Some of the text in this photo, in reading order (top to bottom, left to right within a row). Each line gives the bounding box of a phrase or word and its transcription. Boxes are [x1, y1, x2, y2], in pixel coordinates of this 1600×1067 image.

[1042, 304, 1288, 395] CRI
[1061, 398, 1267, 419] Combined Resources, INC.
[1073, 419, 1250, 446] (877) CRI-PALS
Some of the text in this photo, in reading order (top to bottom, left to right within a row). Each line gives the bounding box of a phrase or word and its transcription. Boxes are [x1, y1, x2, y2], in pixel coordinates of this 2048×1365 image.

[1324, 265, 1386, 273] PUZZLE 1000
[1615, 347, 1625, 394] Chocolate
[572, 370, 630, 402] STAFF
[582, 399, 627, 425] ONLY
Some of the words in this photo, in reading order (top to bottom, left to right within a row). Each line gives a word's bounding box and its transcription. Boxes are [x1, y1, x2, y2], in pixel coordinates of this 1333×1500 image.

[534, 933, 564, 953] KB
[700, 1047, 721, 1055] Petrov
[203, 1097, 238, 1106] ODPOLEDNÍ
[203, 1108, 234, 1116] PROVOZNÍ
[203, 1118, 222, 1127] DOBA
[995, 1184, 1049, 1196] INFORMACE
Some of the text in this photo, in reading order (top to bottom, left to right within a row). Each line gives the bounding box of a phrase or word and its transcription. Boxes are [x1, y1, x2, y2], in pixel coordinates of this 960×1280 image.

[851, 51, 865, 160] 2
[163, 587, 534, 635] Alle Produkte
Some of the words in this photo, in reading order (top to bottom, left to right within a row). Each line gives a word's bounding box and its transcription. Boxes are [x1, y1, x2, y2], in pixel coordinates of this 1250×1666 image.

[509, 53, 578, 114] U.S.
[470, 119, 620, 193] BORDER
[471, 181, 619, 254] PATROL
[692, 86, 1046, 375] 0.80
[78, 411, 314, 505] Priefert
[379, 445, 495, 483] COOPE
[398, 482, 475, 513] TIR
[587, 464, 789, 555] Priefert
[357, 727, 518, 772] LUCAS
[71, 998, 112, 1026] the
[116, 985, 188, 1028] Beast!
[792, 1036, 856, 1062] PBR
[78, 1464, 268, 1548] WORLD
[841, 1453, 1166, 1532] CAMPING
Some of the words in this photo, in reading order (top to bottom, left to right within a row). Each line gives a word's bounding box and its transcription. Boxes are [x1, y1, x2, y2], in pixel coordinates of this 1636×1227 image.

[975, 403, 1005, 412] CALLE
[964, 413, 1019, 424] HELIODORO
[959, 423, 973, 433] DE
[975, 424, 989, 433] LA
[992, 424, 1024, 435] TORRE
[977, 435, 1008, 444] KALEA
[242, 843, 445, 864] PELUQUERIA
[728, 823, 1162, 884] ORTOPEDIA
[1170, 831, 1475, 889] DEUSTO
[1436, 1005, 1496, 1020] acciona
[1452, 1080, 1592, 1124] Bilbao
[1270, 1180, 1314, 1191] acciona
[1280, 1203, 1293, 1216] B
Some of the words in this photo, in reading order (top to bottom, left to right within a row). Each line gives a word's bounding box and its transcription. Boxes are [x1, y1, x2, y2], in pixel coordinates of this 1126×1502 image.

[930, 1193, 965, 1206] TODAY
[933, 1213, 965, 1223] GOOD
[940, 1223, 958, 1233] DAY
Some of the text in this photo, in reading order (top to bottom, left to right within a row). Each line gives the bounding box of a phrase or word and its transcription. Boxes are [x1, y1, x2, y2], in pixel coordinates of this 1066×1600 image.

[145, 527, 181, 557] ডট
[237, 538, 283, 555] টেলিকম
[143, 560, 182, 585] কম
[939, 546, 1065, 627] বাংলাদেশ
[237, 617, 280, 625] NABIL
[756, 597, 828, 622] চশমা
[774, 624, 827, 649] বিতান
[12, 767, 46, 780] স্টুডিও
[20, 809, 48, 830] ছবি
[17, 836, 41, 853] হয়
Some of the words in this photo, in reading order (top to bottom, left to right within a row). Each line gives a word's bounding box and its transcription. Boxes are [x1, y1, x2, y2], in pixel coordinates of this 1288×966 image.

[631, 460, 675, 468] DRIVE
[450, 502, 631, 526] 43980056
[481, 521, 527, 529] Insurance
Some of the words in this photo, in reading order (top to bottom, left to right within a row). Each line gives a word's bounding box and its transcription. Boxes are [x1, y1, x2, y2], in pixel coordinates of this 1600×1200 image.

◆ ◆ ◆

### Instructions to follow:
Each line above should be copied exactly, with no line missing.

### Solution:
Some of the text in this photo, in reading order (top to bottom, left to right within a row). Each line gives the bounding box of a phrase or word and its transcription. Boxes are [x1, y1, x2, y2], in pixel coordinates of this 1600×1067 image.

[1042, 304, 1288, 395] CRI
[1061, 398, 1267, 419] Combined Resources, INC.
[1073, 419, 1250, 446] (877) CRI-PALS
Some of the text in this photo, in reading order (top to bottom, left to right within a row). Each line gives the bounding box of a phrase or word and its transcription. Boxes are [x1, y1, x2, y2], in pixel coordinates of this 2048×1365 image.

[1324, 265, 1386, 273] PUZZLE 1000
[1615, 347, 1625, 394] Chocolate
[572, 370, 630, 402] STAFF
[582, 399, 627, 425] ONLY
Some of the words in this photo, in reading order (top to bottom, left to right within a row). Each line gives a word's bounding box and its transcription. Boxes are [x1, y1, x2, y2], in pixel coordinates of this 1333×1500 image.

[534, 933, 564, 953] KB
[700, 1047, 721, 1055] Petrov
[203, 1097, 238, 1106] ODPOLEDNÍ
[203, 1108, 234, 1116] PROVOZNÍ
[203, 1118, 222, 1127] DOBA
[995, 1184, 1049, 1196] INFORMACE
Some of the text in this photo, in reading order (top to bottom, left to right within a row). Each line gives the bounding box of a phrase or word and its transcription. Boxes are [x1, y1, x2, y2], in pixel coordinates of this 960×1280 image.

[851, 51, 865, 160] 2
[163, 587, 534, 635] Alle Produkte
Some of the words in this photo, in reading order (top to bottom, left to right within a row). Each line gives a word's bounding box and its transcription. Boxes are [x1, y1, x2, y2], in pixel coordinates of this 1250×1666 image.

[509, 53, 578, 114] U.S.
[470, 119, 620, 193] BORDER
[471, 181, 619, 254] PATROL
[692, 86, 1046, 375] 0.80
[78, 411, 314, 505] Priefert
[379, 445, 495, 483] COOPE
[398, 482, 475, 513] TIR
[587, 464, 789, 555] Priefert
[357, 727, 518, 772] LUCAS
[71, 998, 112, 1026] the
[116, 985, 188, 1028] Beast!
[792, 1036, 856, 1062] PBR
[78, 1464, 268, 1548] WORLD
[841, 1453, 1166, 1532] CAMPING
Some of the words in this photo, in reading order (top to bottom, left to right within a row). Each line gives a word's bounding box and its transcription. Boxes are [x1, y1, x2, y2], in pixel coordinates of this 1636×1227 image.

[975, 403, 1005, 412] CALLE
[964, 413, 1019, 424] HELIODORO
[959, 423, 973, 433] DE
[975, 424, 989, 433] LA
[992, 424, 1024, 435] TORRE
[977, 435, 1008, 444] KALEA
[242, 843, 445, 864] PELUQUERIA
[728, 823, 1162, 884] ORTOPEDIA
[1170, 831, 1475, 889] DEUSTO
[1436, 1005, 1496, 1020] acciona
[1452, 1080, 1592, 1124] Bilbao
[1270, 1180, 1314, 1191] acciona
[1280, 1203, 1293, 1216] B
Some of the words in this photo, in reading order (top to bottom, left to right within a row). Each line gives a word's bounding box and its transcription. Boxes are [x1, y1, x2, y2], in pixel coordinates of this 1126×1502 image.

[930, 1193, 965, 1206] TODAY
[933, 1213, 965, 1223] GOOD
[940, 1223, 958, 1233] DAY
Some of the text in this photo, in reading order (top to bottom, left to right within a row). Each line gives the bounding box of a phrase or word and its transcription. Boxes are [x1, y1, x2, y2], in pixel coordinates of this 1066×1600 image.

[145, 527, 181, 557] ডট
[237, 538, 283, 555] টেলিকম
[143, 560, 182, 585] কম
[939, 546, 1065, 627] বাংলাদেশ
[237, 617, 280, 625] NABIL
[756, 597, 828, 622] চশমা
[774, 624, 827, 649] বিতান
[12, 767, 46, 780] স্টুডিও
[20, 809, 48, 830] ছবি
[17, 836, 41, 853] হয়
Some of the words in this photo, in reading order (top to bottom, left to right within a row). Each line gives a word's bounding box and its transcription. Boxes are [x1, y1, x2, y2], in pixel coordinates of this 1288×966 image.

[631, 460, 675, 468] DRIVE
[450, 502, 631, 526] 43980056
[481, 521, 527, 529] Insurance
Some of the words in this photo, in reading order (top to bottom, left to right within a row). Each line gives a word's bounding box and its transcription. Boxes are [x1, y1, x2, y2], in pixel coordinates of this 1600×1200 image.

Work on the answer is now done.